This story even predates the tone of ‘Downton Abbey’. This is especially in the way the house staff mistreat Edith and say that she’s ‘nobody’ and that they’re ‘nothing’. It brings a sense of weirdness to the characters. You’re not very sure what’s going on and what it’s all about in terms of the atmosphere.

There’s also the concern for Charley and where she’s at in her journey with the Doctor. I like the references made to Charley’s previous stories, significantly her first one ‘Storm Warning’ where she met the Eighth Doctor. The web of time gets mentioned again – a theme in these Eighth Doctor audios.

Charley was supposed to die on the R101 airship featured in ‘Storm Warning’. But the Doctor defied the laws of time and allowed Charley to travel with him. Charley’s connection to Edith the scullery maid gets unravelled here especially as the tale progressed. It really took me by surprise as it went on.

I like the story’s music composed by Russell Stone and the sound design by Andy Hardwicke. They create an atmospheric Christmassy style to this adventure. It got more Christmassy when Edith sang and hummed ‘Hark the Herald Angels Sing’ which I liked hearing in ‘Part One’ as well as in ‘Part Four’. 😀

The CD extras are as follows.
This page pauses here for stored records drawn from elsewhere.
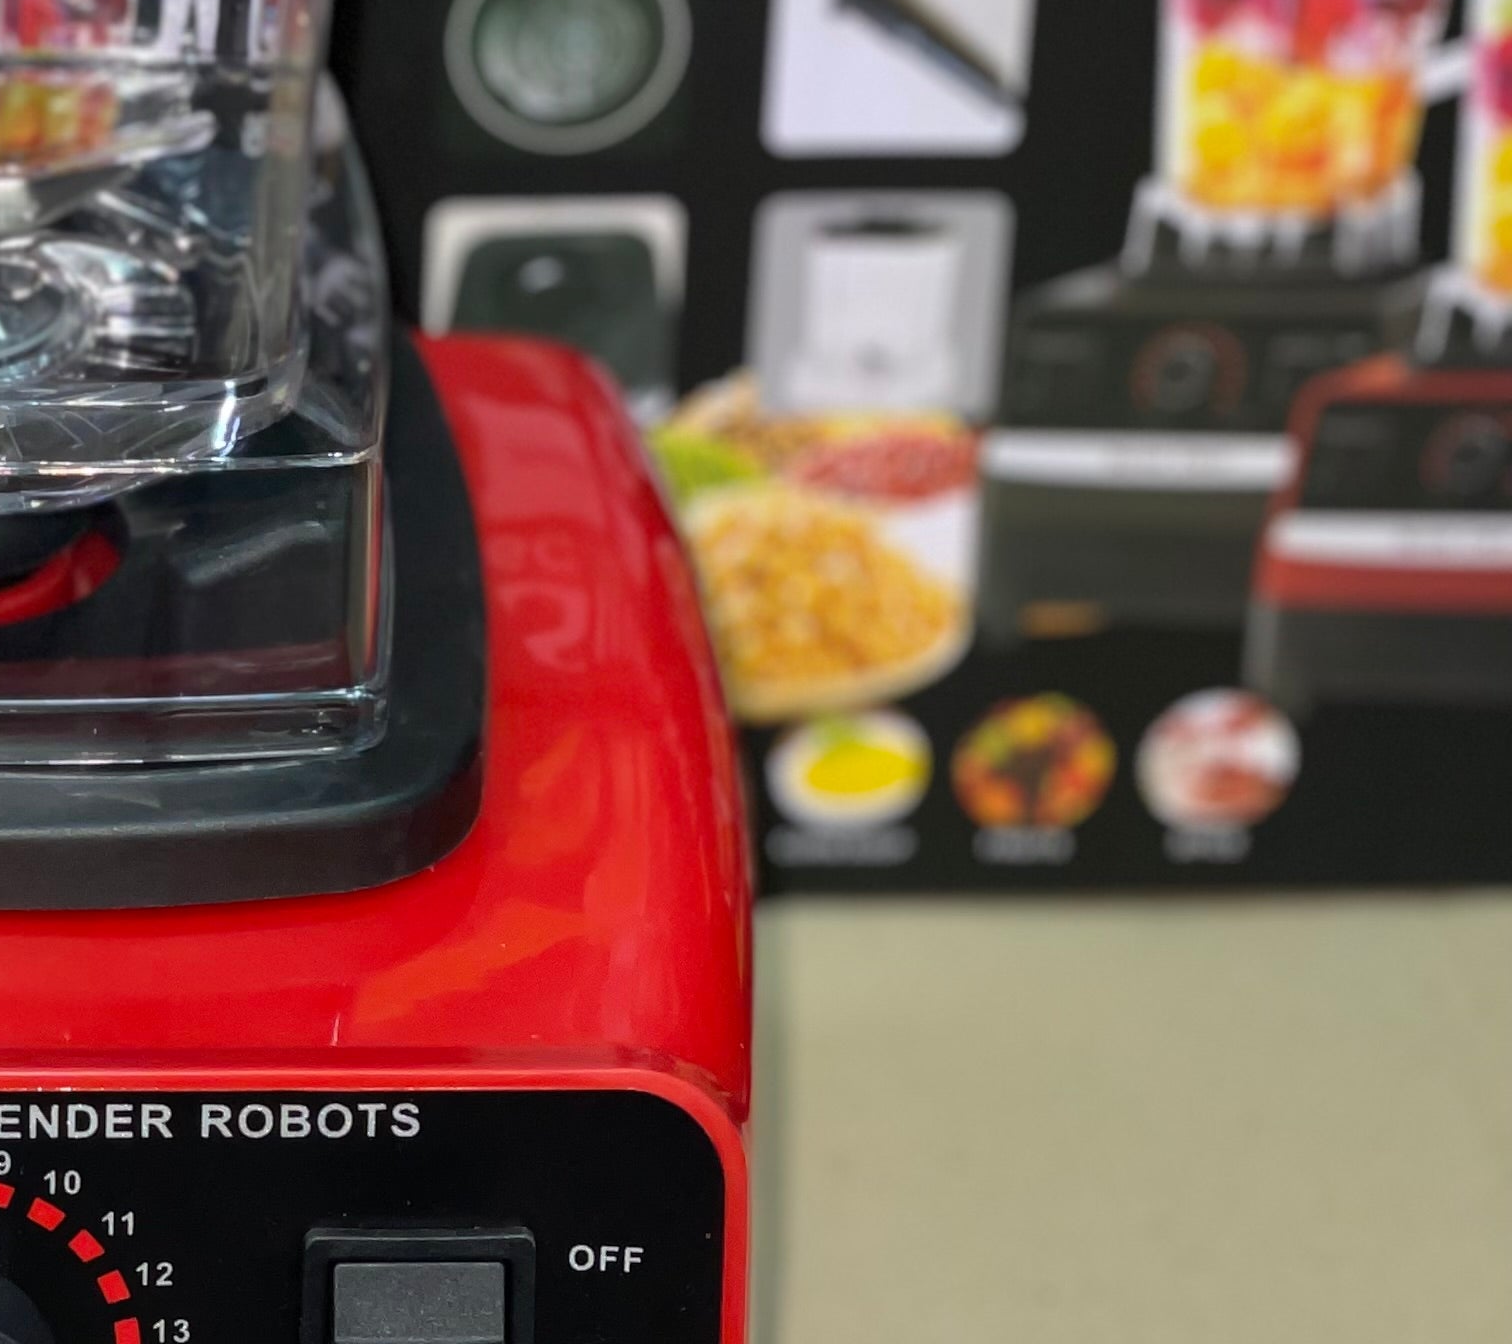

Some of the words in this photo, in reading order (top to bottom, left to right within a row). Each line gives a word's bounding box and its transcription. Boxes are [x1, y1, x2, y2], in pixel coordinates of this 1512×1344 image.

[199, 1101, 421, 1140] ROBOTS
[43, 1169, 81, 1195] 10
[101, 1211, 134, 1236] 11
[567, 1243, 645, 1274] OFF
[135, 1261, 173, 1287] 12
[152, 1318, 191, 1344] 13
At the end of Disc 2, there’s a ‘coming soon’ trailer for ‘Excelis Rising’, the second story of ‘The Excelis Trilogy’, with Colin Baker.
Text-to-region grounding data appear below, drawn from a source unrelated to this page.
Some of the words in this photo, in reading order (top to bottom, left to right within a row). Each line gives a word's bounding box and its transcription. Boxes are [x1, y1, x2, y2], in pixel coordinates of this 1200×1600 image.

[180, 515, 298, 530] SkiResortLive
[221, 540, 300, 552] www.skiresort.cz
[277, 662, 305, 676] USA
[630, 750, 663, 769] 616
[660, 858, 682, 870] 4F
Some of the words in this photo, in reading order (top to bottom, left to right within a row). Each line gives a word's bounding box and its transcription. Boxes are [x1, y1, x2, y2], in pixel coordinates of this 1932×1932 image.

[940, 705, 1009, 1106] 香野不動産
For the purposes of this review, I listened to ‘The Chimes of Midnight’ via its limited vinyl release which was released in September 2016. I enjoyed listening to the story again on its vinyl release. It was interesting to hear the story in that format, especially after hearing ‘Spare Parts’ in a similar format. 🙂

Like with ‘Spare Parts’, I didn’t need to have ‘The Chimes of Midnight’ on vinyl. But because I purchased the ‘Spare Parts’ vinyl beforehand, I asked “Why not?” It was a ‘Doctor Who’ release after all. I wanted to satisfy my curiosity in comparing ‘The Chimes of Midnight’ vinyl to the ‘Spare Parts’ one.
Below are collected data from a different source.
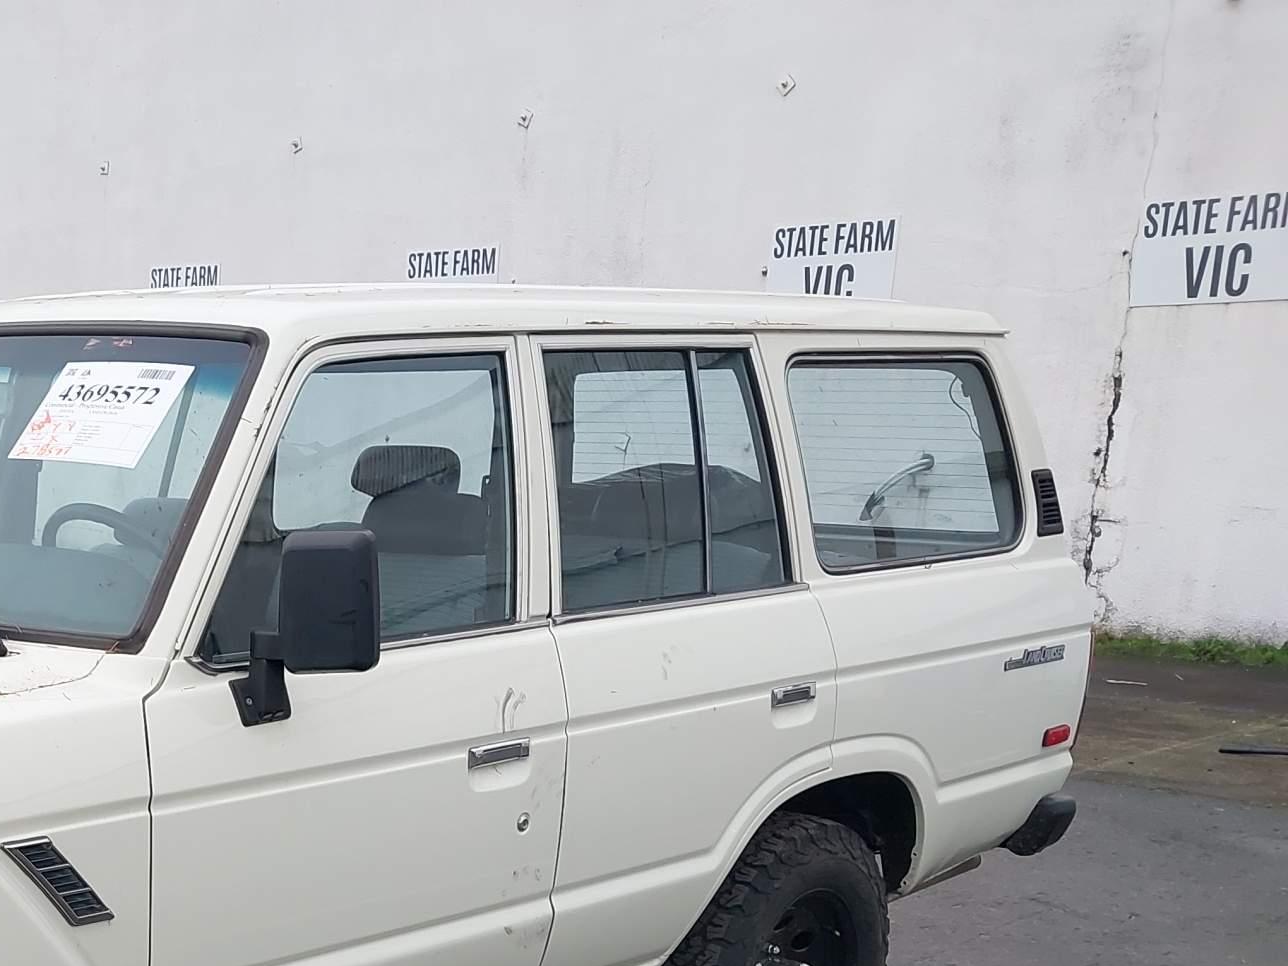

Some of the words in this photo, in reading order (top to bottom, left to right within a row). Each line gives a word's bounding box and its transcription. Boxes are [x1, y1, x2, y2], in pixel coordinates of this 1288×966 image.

[1144, 198, 1221, 238] STATE
[1226, 191, 1288, 233] FAR
[774, 224, 830, 259] STATE
[834, 219, 896, 254] FARM
[150, 267, 182, 289] STATE
[185, 265, 218, 287] FARM
[407, 251, 450, 279] STATE
[452, 247, 496, 276] FARM
[804, 263, 855, 297] VIC
[1185, 242, 1253, 298] VIC
[58, 384, 160, 405] 43695572
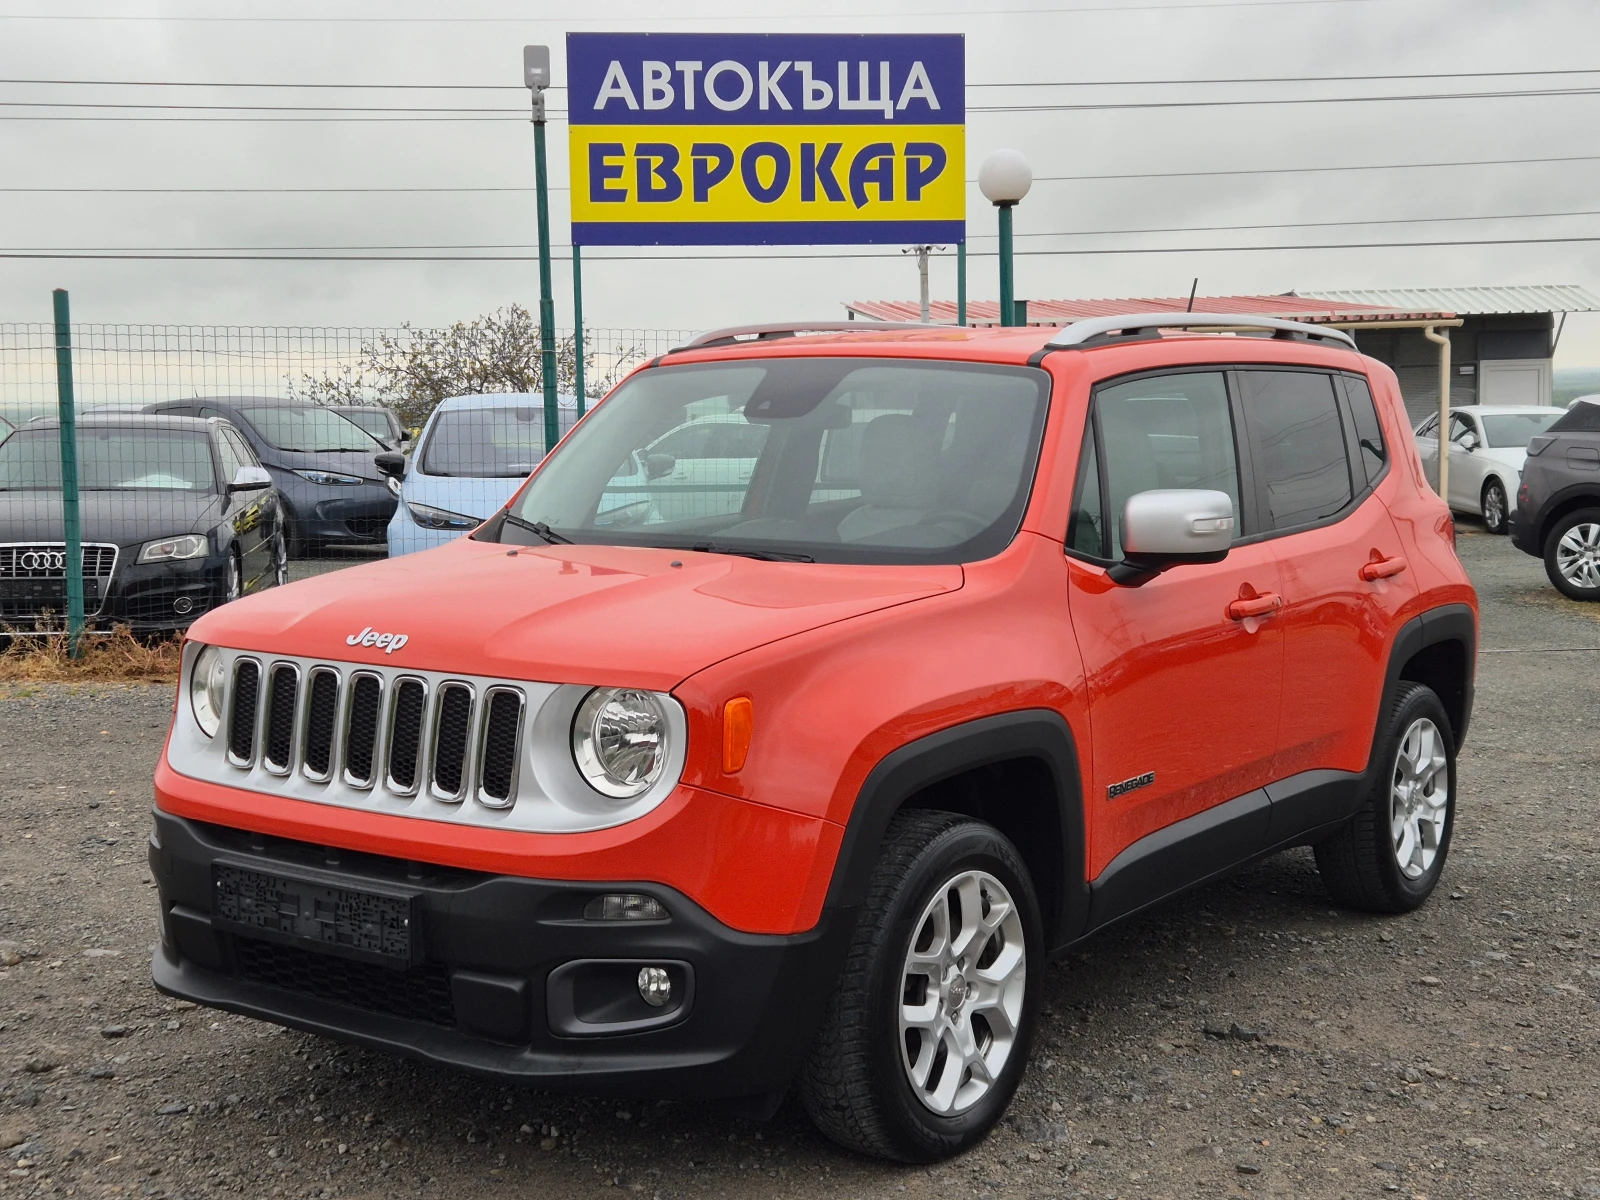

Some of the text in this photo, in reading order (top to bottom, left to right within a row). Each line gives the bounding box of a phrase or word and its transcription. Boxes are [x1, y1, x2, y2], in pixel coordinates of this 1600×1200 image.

[593, 59, 941, 120] АВТОКЪЩА
[588, 141, 947, 210] ЕВРОКАР
[346, 627, 409, 654] Jeep
[1107, 771, 1155, 800] RENEGADE
Once again, it was a pretty intriguing and surreal experience to hear this classic audio adventure by Big Finish. The audio was remastered for vinyl and it was gripping to hear the eerie, spooky sounds of the tale and its atmosphere, especially with the grandfather clock ticking and chiming before midnight.

It’s no surprise that both ‘The Chimes of Midnight’ and ‘Spare Parts’ were chosen to be re-released for a limited amount on vinyl by Big Finish. They’re both classic ‘Doctor Who’ audio adventures and it’s amazing how highly rated they are by the fans that they do deserve to have these vinyl re-releases.

It’s also fitting that Paul McGann and India Fisher got to have one of their ‘Doctor Who’ stories as the Eighth Doctor and Charley to be re-released for vinyl, just as much as the Fifth Doctor and Nyssa had one of their tales re-released for vinyl. The Eighth Doctor and Charley are a really popular TARDIS duo.

As stated, the story was originally released as a four-part adventure on a 2-disc CD set. Like with the ‘Spare Parts’ vinyl, ‘The Chimes of Midnight’ was re-released on 4 vinyl discs, making it a six-part tale on the first three discs instead of a four-part tale. It was so interesting to hear the story in that manner.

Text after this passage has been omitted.